Fundraising for your startup takes time, effort, and persistence. Before you embark on that journey, make sure you’re prepared – and not wasting your time.
Here are three steps any new business should take before raising capital.
1. Examine Your Business Idea In Depth
Any idea, however great it may seem, is not as good as a detailed business plan when it comes to convincing people to fund you. Before you even think of raising capital, do your homework.
“If the company wants how ‘good’ their idea is to carry the weight, funding becomes more difficult to achieve,” says
Terence Channon (@terencechannon),
managing director of
(@saltminesgroup), a firm that helps startups prepare for funding.
Channon suggests digging in and examining your idea to prepare answers to the most pertinent questions you’ll face:
- What is the problem you are solving?
- How do you solve it?
- Who are your competitors?
- What industry trends and market statistics validate the magnitude of the opportunity?
- How will you make money?
- How will you get customers?
Even if you never pursue external funding, answering these questions will help prepare you for the realities of your new business. You’ll be in a better position to aim for success.
By doing this process, you may realize your business idea isn’t as strong as you originally thought – in which case, you can save yourself the trouble of fundraising until you tweak the idea or come up with a new one.
2. Get Feedback and Get Moving
Once you’ve addressed the questions above, Channon recommends getting validation with a form of prototyping and customer and partner feedback.
“It’s difficult and dangerous to try to raise funds with an undocumented, unarticulated idea,” he says.
In other words, get actual, real-world results. It doesn’t have to be large-scale, but it should show that your idea is workable.
If you create a mobile app, test it out and get feedback from users. If you develop an industry-specific IT solution, find a partner who’s willing to try it.
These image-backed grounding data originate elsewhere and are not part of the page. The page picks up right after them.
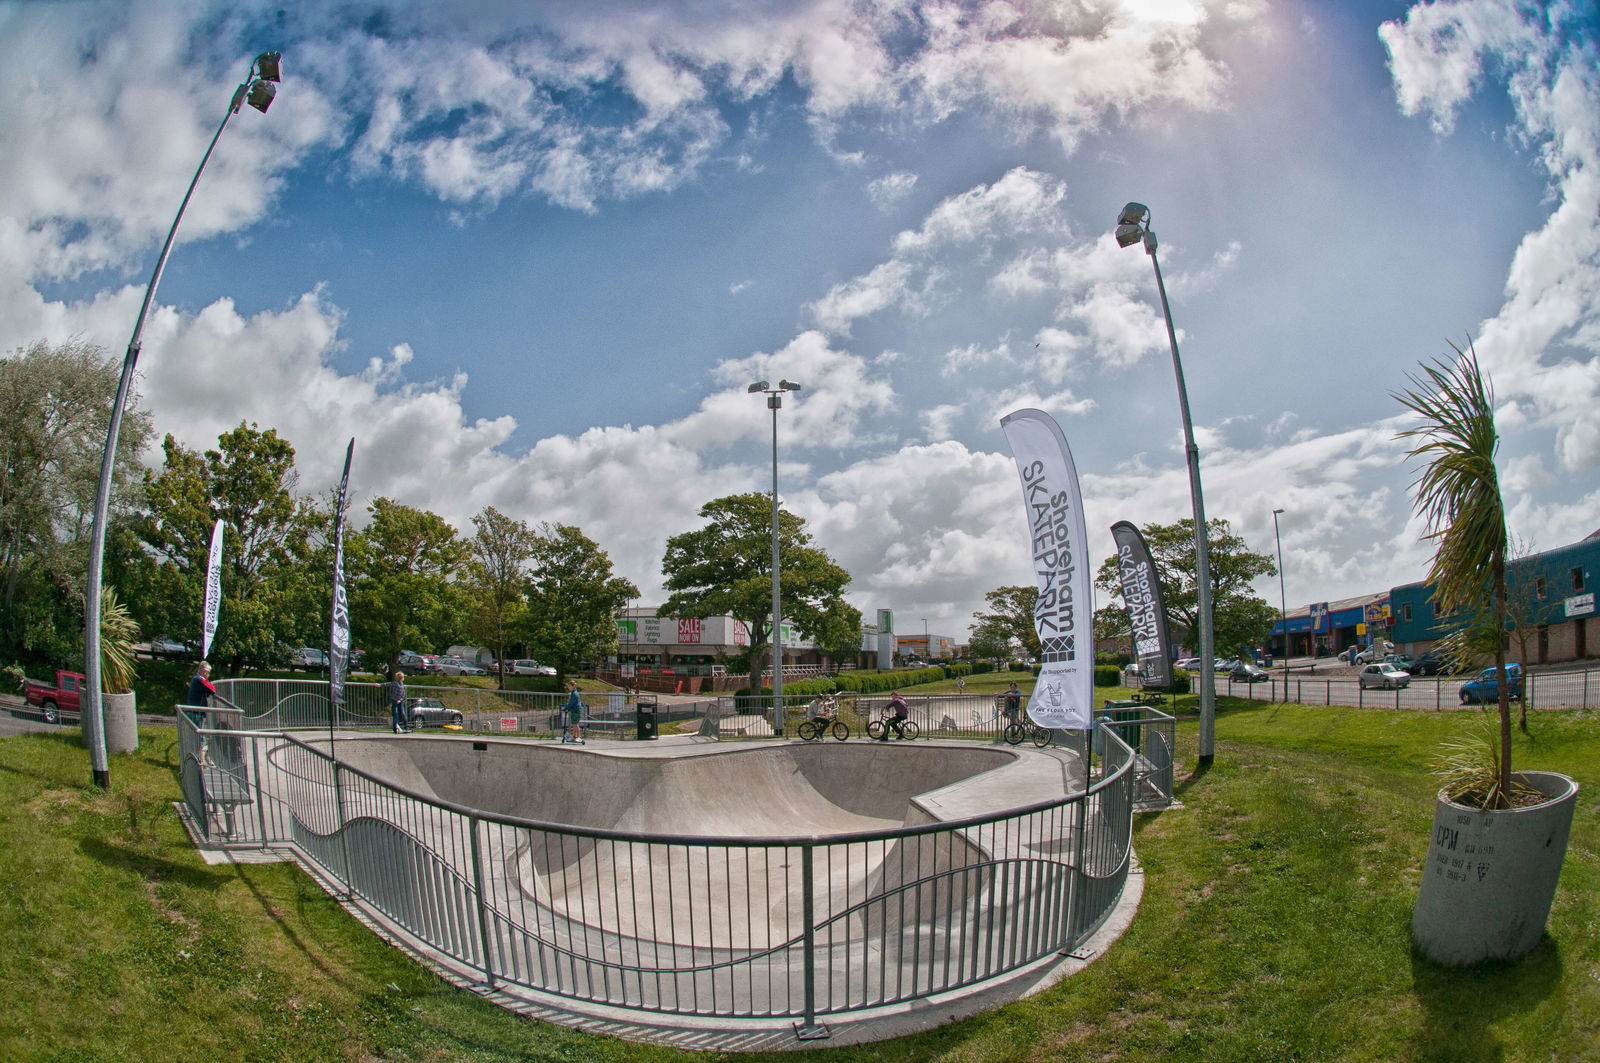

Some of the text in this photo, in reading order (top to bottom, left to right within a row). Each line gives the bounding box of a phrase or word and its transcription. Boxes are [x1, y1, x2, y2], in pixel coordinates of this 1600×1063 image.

[1022, 460, 1059, 636] SKATEPARK
[1050, 490, 1075, 633] Shoreham
[679, 618, 700, 633] SALE
[1119, 544, 1149, 642] SKATEPARK
[1136, 561, 1159, 638] Shoreham
[679, 633, 700, 642] NOW ON
[1436, 825, 1459, 851] CPM
Whatever your idea, it’s important to push it out of the nest and see if it can fly – or if it will crash and burn.
“Get moving,” Channon says. “Investors like to see action and progress, not talk.”
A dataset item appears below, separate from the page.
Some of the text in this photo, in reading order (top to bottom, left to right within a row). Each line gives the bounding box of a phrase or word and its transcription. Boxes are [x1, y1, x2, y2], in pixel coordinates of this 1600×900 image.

3. Plan and Prepare for Funding
Melissa Bradley (@bradleyml),
Executive in Residence at the
Kogod School of Business (@KogodBiz)
at American University (@AmericanU), recommends that no company should approach investors until they have developed a larger fundraising plan that accounts for:
- The total money to be raised until profitability.
- The type of investors desired (financial, strategic, etc.).
- The systems in place to support an institutional partner (such as a CFO or financial lead, board of directors, monthly financial and sales reports, etc.).